D'où proviennent ces livres piratés? "Je l'ignore, c'est mon employeur qui me fournit", jure un vendeur installé à deux pas du Parlement avec sa bâche couverte d'ouvrages de contrefaçon. L'éditeur Abdelkader Retnani, président de l'Association marocaine des professionnels du livre (AMPL), croit savoir que "la majorité sont imprimés en Egypte et acheminés par voie maritime pour être stockés (...) dans des dépôts clandestins". Il espère un renforcement des contrôles dans les ports et aborder le sujet lors d'une rencontre prévue ce mois-ci avec les autorités.

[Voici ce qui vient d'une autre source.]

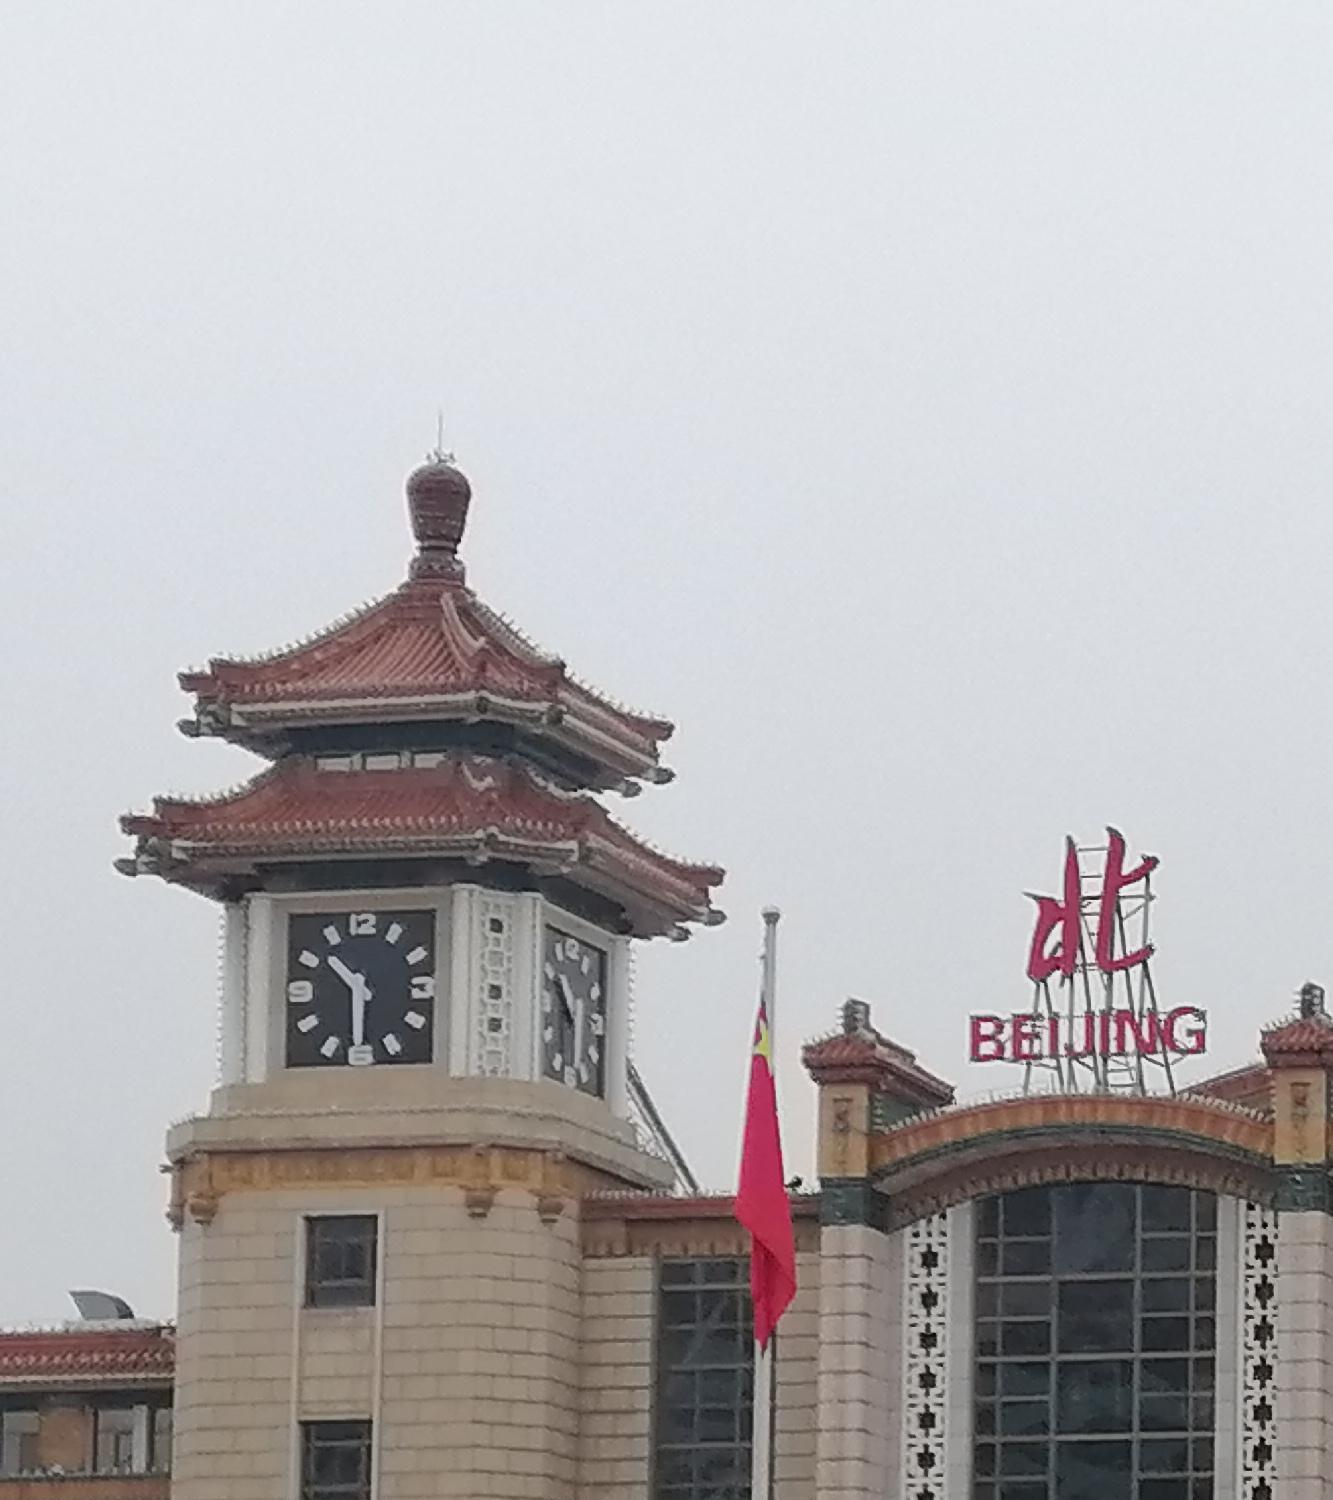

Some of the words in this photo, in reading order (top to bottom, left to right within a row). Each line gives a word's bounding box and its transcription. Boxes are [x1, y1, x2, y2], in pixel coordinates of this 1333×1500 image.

L'activité prolifère dans plusieurs villes du royaume, parallèlement au piratage numérique, et "occasionne des pertes importantes pour les professionnels de l'édition et de la distribution", affirme à l'Agence France Presse l'éditeur Retnani. Mohamed, qui travaille dans une petite librairie de Rabat, le confirme: les livres piratés "impactent directement nos ventes". En outre, ces ouvrages sont "de mauvaise qualité et enlèvent tout son prestige au livre", dit-il. Une difficulté de plus pour une profession que l'on est parfois contraint de n'exercer que de manière saisonnière - en période de rentrée scolaire - avant de se tourner vers d'autres activités, faute de revenus suffisants.

120.000 livres saisis

Derrière ce piratage "qui s'aggrave depuis environ un an, il y a une mafia organisée qui génère des gains considérables", affirme Abdelkader Retnani. "Les autorités ont récemment saisi 120.000 livres piratés, ce chiffre est faramineux mais il est encore tôt pour estimer les pertes", dit-il.

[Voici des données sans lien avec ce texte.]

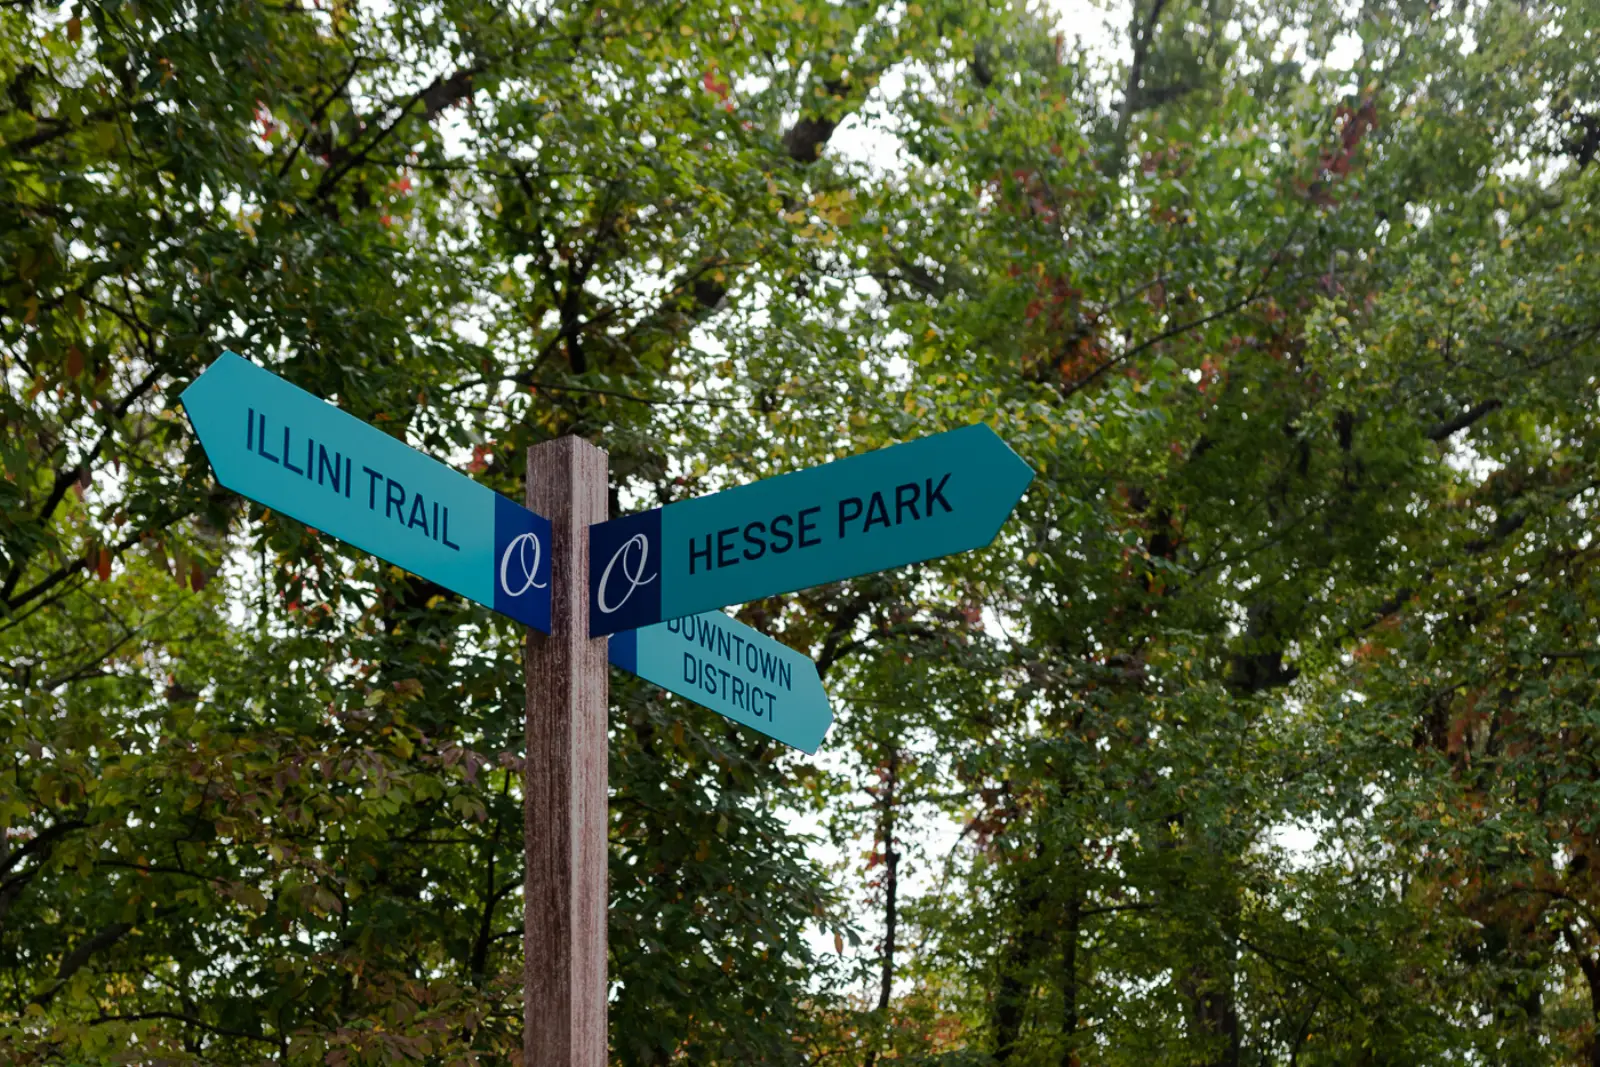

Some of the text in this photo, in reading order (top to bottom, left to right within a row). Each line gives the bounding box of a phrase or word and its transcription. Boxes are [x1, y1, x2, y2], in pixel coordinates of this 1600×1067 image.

[247, 407, 461, 552] ILLINI TRAIL
[688, 472, 953, 576] HESSE PARK
[683, 652, 777, 723] DISTRICT
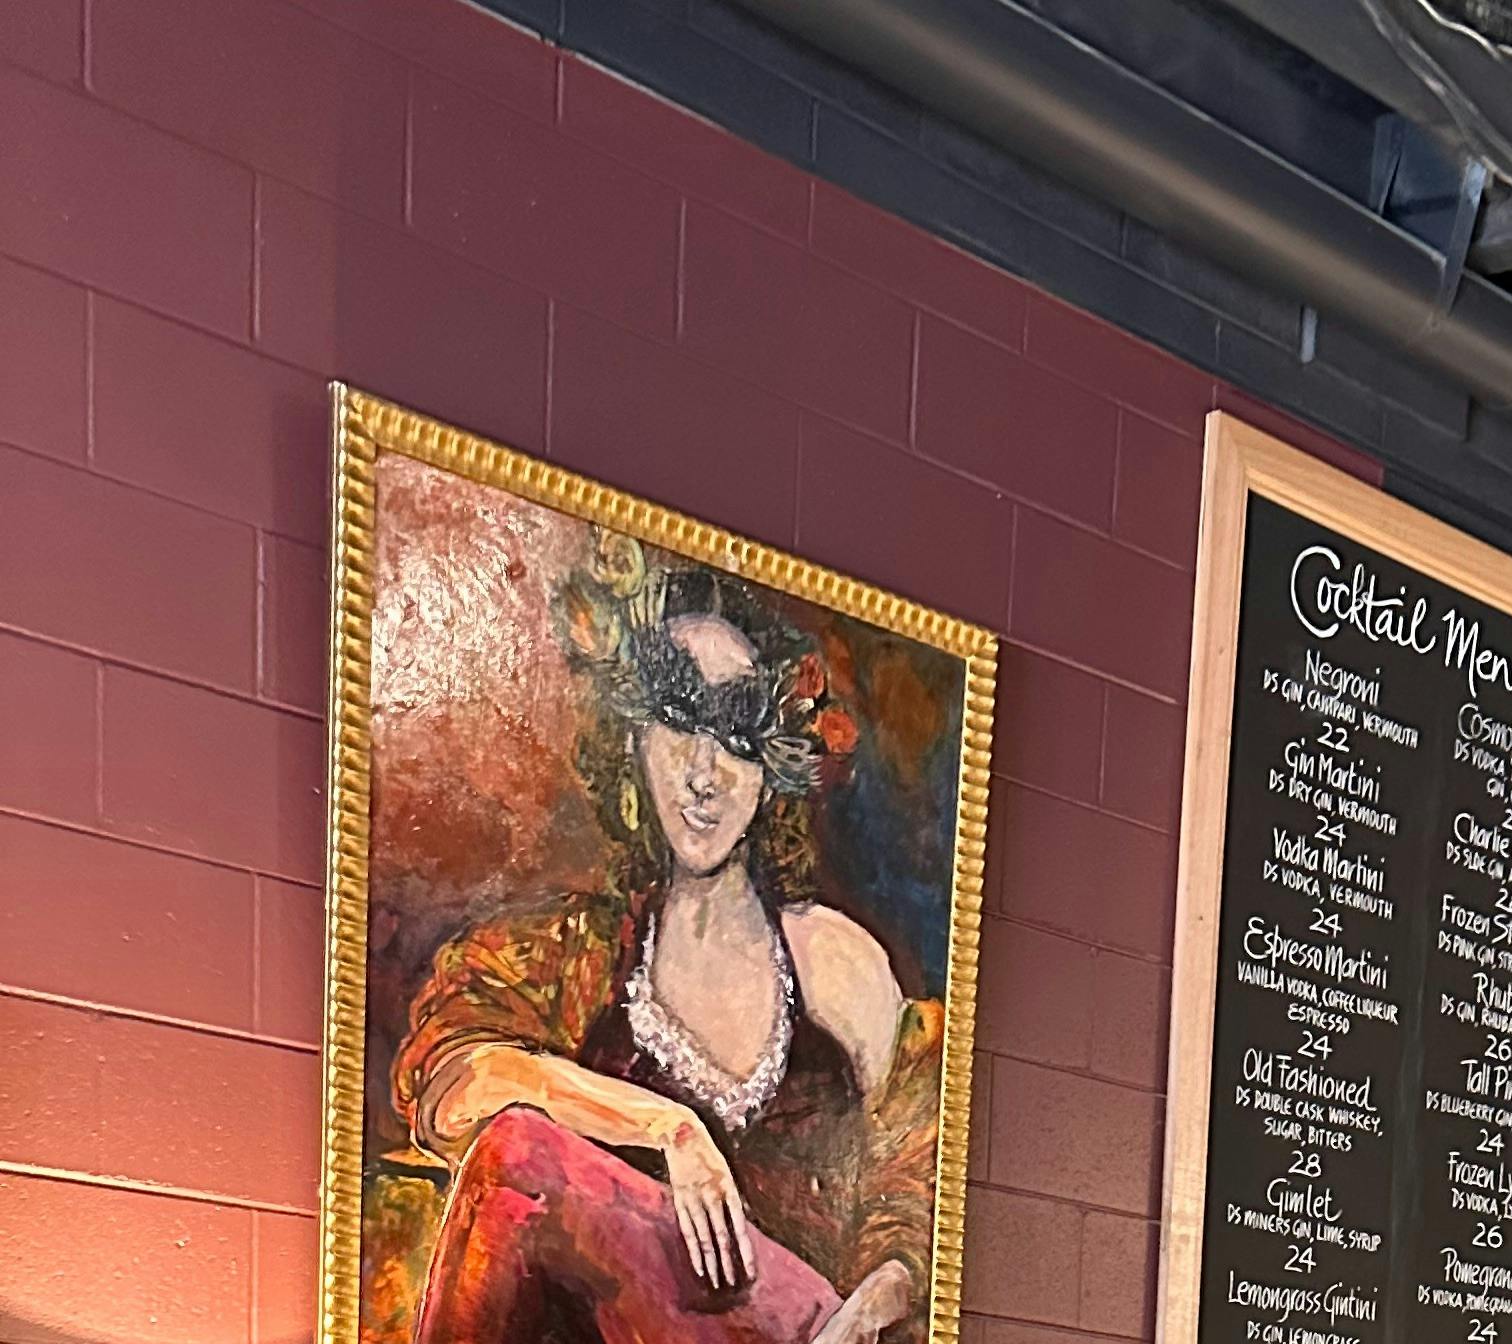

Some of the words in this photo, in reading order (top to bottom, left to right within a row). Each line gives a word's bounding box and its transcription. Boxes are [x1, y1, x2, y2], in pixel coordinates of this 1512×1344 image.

[1291, 546, 1436, 653] Cocktail
[1304, 649, 1381, 706] Negroni
[1263, 669, 1278, 692] DS
[1281, 678, 1305, 711] GIN,
[1363, 711, 1418, 748] VERMOUTH
[1317, 722, 1349, 752] 22
[1454, 739, 1470, 761] DS
[1285, 738, 1314, 778] Gin
[1319, 753, 1381, 804] Martini
[1269, 768, 1284, 792] DS
[1289, 777, 1312, 803] DRY
[1338, 797, 1397, 835] VERMOUTH
[1314, 815, 1346, 847] 24
[1454, 812, 1510, 858] Charlie
[1273, 827, 1318, 871] Vodka
[1323, 847, 1385, 892] Martini
[1446, 840, 1460, 864] DS
[1263, 860, 1279, 882] DS
[1281, 867, 1325, 904] VODKA,
[1330, 883, 1393, 920] VERMOUTH
[1309, 908, 1343, 938] 24
[1441, 894, 1490, 937] Frozen
[1244, 916, 1322, 970] Espresso
[1324, 944, 1388, 989] Martini
[1438, 930, 1452, 952] DS
[1453, 935, 1476, 961] PINK
[1237, 960, 1284, 993] VANILLA
[1287, 975, 1322, 1008] VODKA,
[1322, 987, 1356, 1013] COFFEE
[1356, 996, 1398, 1025] LIQUEUR
[1441, 994, 1454, 1015] DS
[1287, 1003, 1349, 1034] ESPRESSO
[1297, 1030, 1333, 1060] 24
[1484, 1034, 1512, 1061] 26
[1243, 1048, 1273, 1086] Old
[1275, 1055, 1377, 1111] Fashioned
[1460, 1059, 1490, 1096] Tall
[1235, 1085, 1250, 1106] DS
[1254, 1089, 1292, 1115] DOUBLE
[1295, 1100, 1323, 1122] CASK
[1329, 1106, 1383, 1136] WHISKEY,
[1426, 1091, 1440, 1110] DS
[1440, 1094, 1493, 1123] BLUEBERRY
[1264, 1117, 1306, 1146] SUGAR,
[1308, 1126, 1352, 1151] BITTERS
[1476, 1128, 1504, 1156] 24
[1288, 1150, 1321, 1177] 28
[1448, 1151, 1495, 1190] Frozen
[1266, 1177, 1343, 1221] Gimlet
[1451, 1187, 1465, 1209] DS
[1466, 1194, 1502, 1221] VODKA,
[1227, 1204, 1241, 1224] DS
[1244, 1211, 1290, 1235] MINERS
[1292, 1220, 1314, 1242] GIN,
[1317, 1223, 1348, 1249] LIME,
[1349, 1230, 1381, 1251] SYRUP
[1472, 1222, 1503, 1248] 26
[1284, 1245, 1316, 1273] 24
[1228, 1270, 1321, 1323] Lemongrass
[1324, 1282, 1378, 1326] Gintini
[1417, 1285, 1430, 1305] DS
[1247, 1321, 1260, 1339] DS

Ce marché noir du livre a inspiré de nombreux articles alarmistes dans la presse marocaine ces derniers mois. "Le piratage asphyxie les librairies et réduit leur chiffre d'affaires et, par conséquent, leurs bénéfices", alertait en juillet le nouveau magazine Bab, édité par l'Agence marocaine de presse (MAP). Le nombre exact de libraires dans ce pays de 35 millions d'habitants n'est pas connu: des médias évoquent le chiffre de 250, Retnani parle d'une centaine.

Il y a un peu plus d'un an, Khalid vendait à la sauvette des DVD piratés, mais cette activité a "connu un net recul avec internet et la possibilité de voir des films sur smartphone". Il s'est donc tourné vers les livres.

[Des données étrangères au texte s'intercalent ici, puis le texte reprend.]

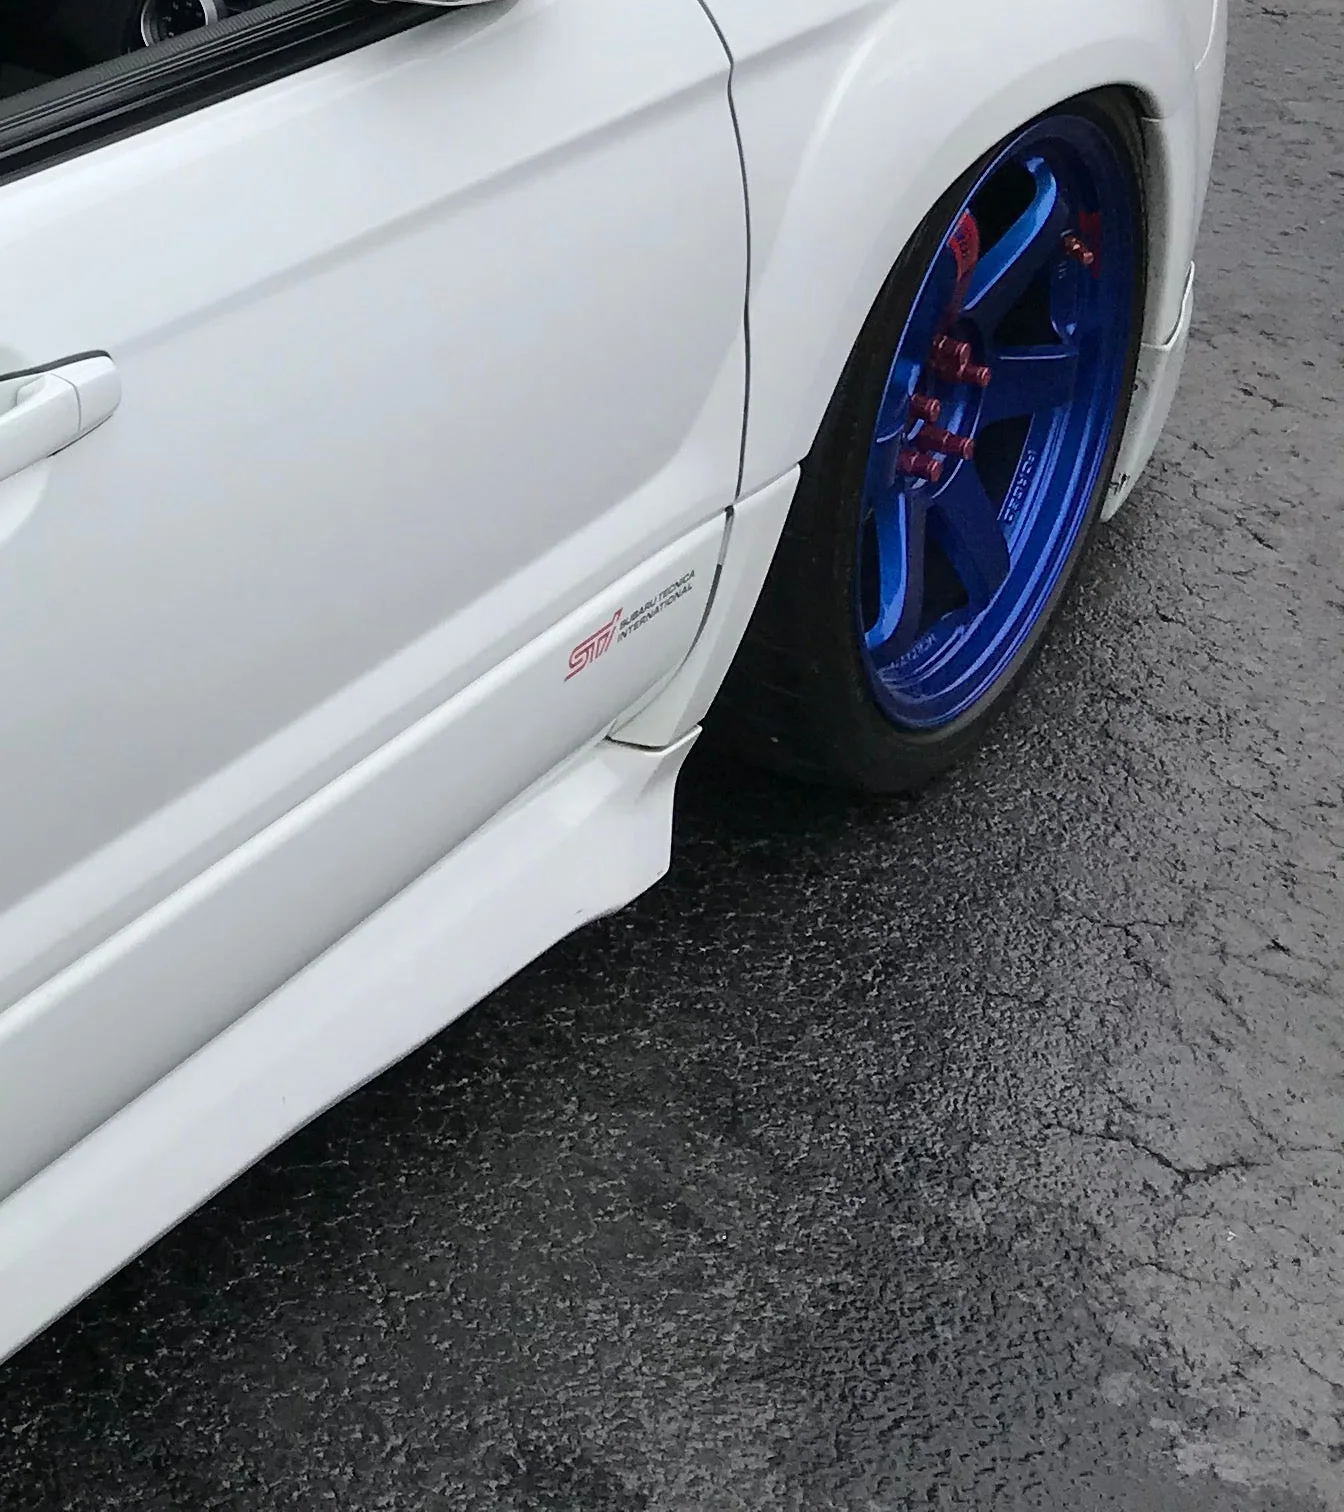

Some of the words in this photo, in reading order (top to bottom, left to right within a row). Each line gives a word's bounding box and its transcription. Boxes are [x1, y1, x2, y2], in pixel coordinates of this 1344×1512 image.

[617, 583, 693, 643] INTERNATIONAL
[619, 596, 657, 630] SUBARU
[658, 569, 695, 602] TECNICA

Dans "Le livre à l'épreuve", un essai paru en 2017, la journaliste, critique littéraire et éditrice Kenza Sefrioui a enquêté sur les circuits du piratage. Un bouquiniste interrogé dans cet ouvrage décrit comment la première filière serait née en 2005 à Casablanca: un esprit entreprenant aurait fait tirer dans de petites imprimeries de quartier entre 10.000 et 20.000 exemplaires d'un roman d'un auteur marocain inscrit au programme scolaire, avant d'étendre ses activités à des titres à grand succès.

Khalid, le vendeur à la sauvette, assure avoir eu connaissance de la récente arrestation de quatre importateurs de livres piratés qui, selon lui, ont "gagné beaucoup d'argent". Leur arrestation n'a, dit-il, pas eu d'impact sur l'approvisionnement.

Comme la question du prix semble déterminante, les livres de contrefaçon, grâce à leur prix modique, "encouragent peut-être la lecture", remarque Hassan El Ouazzani, directeur du Livre, des bibliothèques et des archives au ministère de la Culture. Mais, selon lui, "ils nuisent surtout à un secteur déjà affaibli".

Les Marocains consacrent une minute par jour à la lecture, selon une étude officielle.  Le marché du livre représente moins de 3.000 titres publiés chaque année, avec un tirage moyen de 1.000 exemplaires.